Business Terms and Conditions
- General Business Terms and Conditions (hereinafter referred to as the “Terms and Conditions”) apply only to business relations between the customer and MARBO LTD , SUITE 126 HIGHAM HILL JSC, 313 BILLET ROAD, LONDON, ENGLAND, E17 5PX, as the intermediary (hereinafter referred to as the “operator”) and the company delivering the goods (hereinafter referred to as the “supplier”), concluded through the electronic shop www.noalopecia.co.uk (hereinafter referred as the “shop”).
- The customer is understood as a natural or legal person who after authorising it sends an electronic order processed by the shop's system.
- An electronic order is understood as a dispatched electronic form containing information about the customer, the list of ordered goods from the shop's offer and the total price of the order, processed by the shop's system.
- The supplier is understood as the goods seller, whose offer of products is published in the shop by the operator.
- General Business Terms and Conditions regulate more specifically the rights and obligations of the operator and the customer in their current version and form an inseparable part of this purchase contract.
2. Order, Conclusion and Withdrawal from the Contract
- The condition of validity of an electronic order is truthful and complete data and all essentials required by the system upon registration or order execution.
- All received electronic orders are considered as drafts of the purchase contract and binding upon all the interested parties.
- The operator accepts the contract draft from the customer by delivering the goods to the customer.
- Depending on the character of the transaction (quantity, price, transportation costs, distance and so on) and in particular with a price exceeding 150 £, the operator is entitled to ask the customer to authorise the order in a credible way, for example by phone or in writing. In case the customer refuses to authorise the order, the operator considers the order as invalid.
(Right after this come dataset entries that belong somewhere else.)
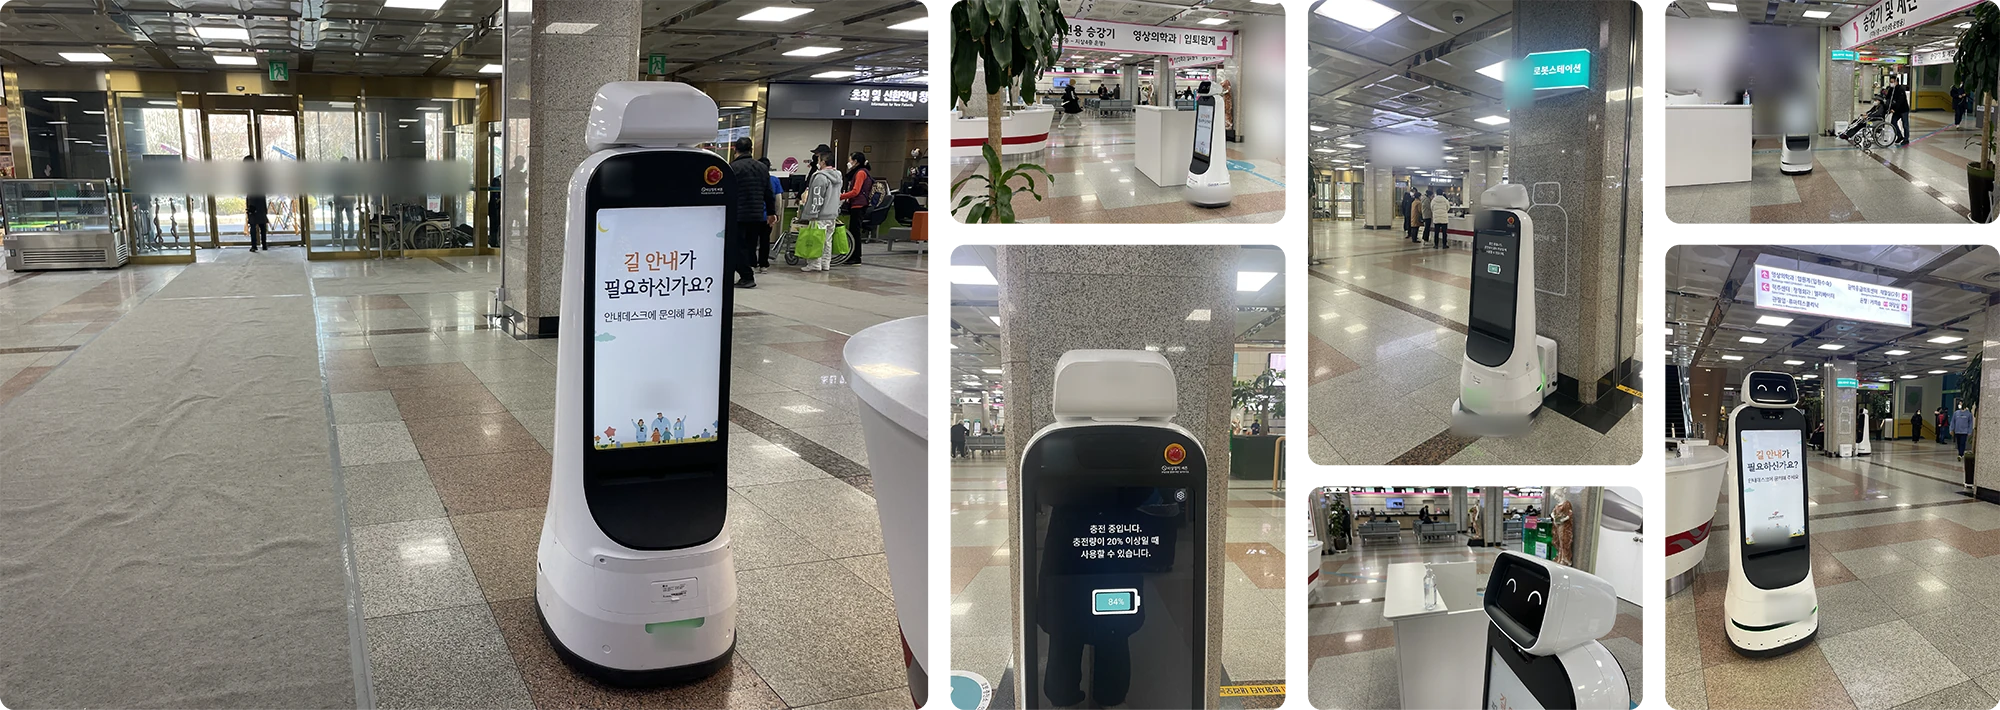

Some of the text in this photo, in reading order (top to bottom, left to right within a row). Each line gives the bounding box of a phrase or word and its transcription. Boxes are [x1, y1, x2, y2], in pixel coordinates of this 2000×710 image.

[1863, 4, 1882, 32] 승강기
[1885, 0, 1894, 21] 및
[1086, 26, 1115, 39] 승강기
[1133, 30, 1177, 43] 영상의학과
[1184, 34, 1216, 46] 입퇴원계
[1533, 63, 1581, 76] 로봇스테이션
[850, 89, 870, 101] 초진
[871, 90, 881, 102] 및
[883, 90, 918, 103] 신환안내
[624, 250, 697, 272] 길 안내가
[604, 276, 714, 299] 필요하신가요?
[604, 307, 713, 323] 안내데스크에 문의해 주세요
[1756, 450, 1764, 460] 길
[1747, 460, 1799, 472] 필요하신가요?
[1090, 524, 1143, 534] 충전 중입니다.
[1072, 535, 1160, 547] 충전량이 20% 이상일 때
[1080, 548, 1152, 559] 사용할 수 있습니다.
[1107, 598, 1125, 606] 84%
- If the price of the order exceeds 150 £, the operator is entitled to demand from the customer to pay in advance (pro forma invoice, wire transfer or bank card payment), unless the operator and the customer agree on an alternative and suitable manner.
- If there is a long-term framework purchase contract concluded between the operator and the customer, in this case the electronic order is governed by this contract, if the conditions of the electronic shop enable it.
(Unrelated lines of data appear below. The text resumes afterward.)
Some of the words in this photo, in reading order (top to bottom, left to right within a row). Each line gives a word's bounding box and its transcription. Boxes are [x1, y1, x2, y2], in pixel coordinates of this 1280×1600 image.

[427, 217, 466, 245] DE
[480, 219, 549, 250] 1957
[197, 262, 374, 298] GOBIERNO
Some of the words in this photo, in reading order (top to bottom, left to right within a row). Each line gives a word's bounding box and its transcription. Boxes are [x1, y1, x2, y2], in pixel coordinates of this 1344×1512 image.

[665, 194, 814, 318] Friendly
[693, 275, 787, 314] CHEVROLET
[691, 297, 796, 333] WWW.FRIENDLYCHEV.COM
- The customer is entitled to cancel the order, without providing a reason, up to 12 hours after sending, by sending a cancelling e-mail message to the e-mail address stated in the order.
- Conclusion of the purchase contract itself is performed by the customer’s takeover of the goods.
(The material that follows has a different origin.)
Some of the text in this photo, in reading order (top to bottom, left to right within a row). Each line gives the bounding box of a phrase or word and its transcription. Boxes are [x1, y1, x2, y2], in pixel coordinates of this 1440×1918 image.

3. Delivery Terms and Costs of the Goods Delivery
- The place of the contract performance is understood as the customer’s residence (registered office) or the place of business stated in the shop registration form or the order form. The operator shall deliver the goods using third party services (for example, UPS, DHL) or by its own means or based on an agreement with the customer (possibility to choose upon the order submission) the goods shall be prepared with the operator and the customer shall take them over there within 7 days after receiving a notice from the shop operator.
- Delivery of the goods shall be performed by their handover to the customer, or possibly to the post, or to the first haulier for transport to the customer .
- The ownership title to the goods is transferred onto the customer subject to the condition of payment of the purchase price in full sum.
- The supplier shall deliver the goods to the customer within the shortest possible time (i.e. generally within 7 days ) after the electronic order receipt. The delivery time may be extended in exceptional cases , but it will never be longer than 5 weeks. Non-delivery of the goods within 5 weeks entitles the customer to withdraw from the contract.
- The goods shall be delivered to the buyer in regular packaging, with the exception that the characterof the goods requires it or based on an agreement special requirements ensue.
- The purchase price is due upon the goods transfer at the latest (cash on delivery, from a courier, at the supplier), possibly within the date stated on the pro forma invoice or upon sending of the order if the customer chooses to pay via wire transfer, unless both parties agree otherwise.
- If the price of the goods is paid via wire transfer, the goods are shipped immediately after the total price, including VAT, is credited to the operator’s account.
- The operator reserves the right to demand the customer to pay in advance (by setting the shop system), in particular with such orders as stated in article 2(5) of these regulations.
- In case the customer refuses to pay the order in advance, the operator considers it as invalid.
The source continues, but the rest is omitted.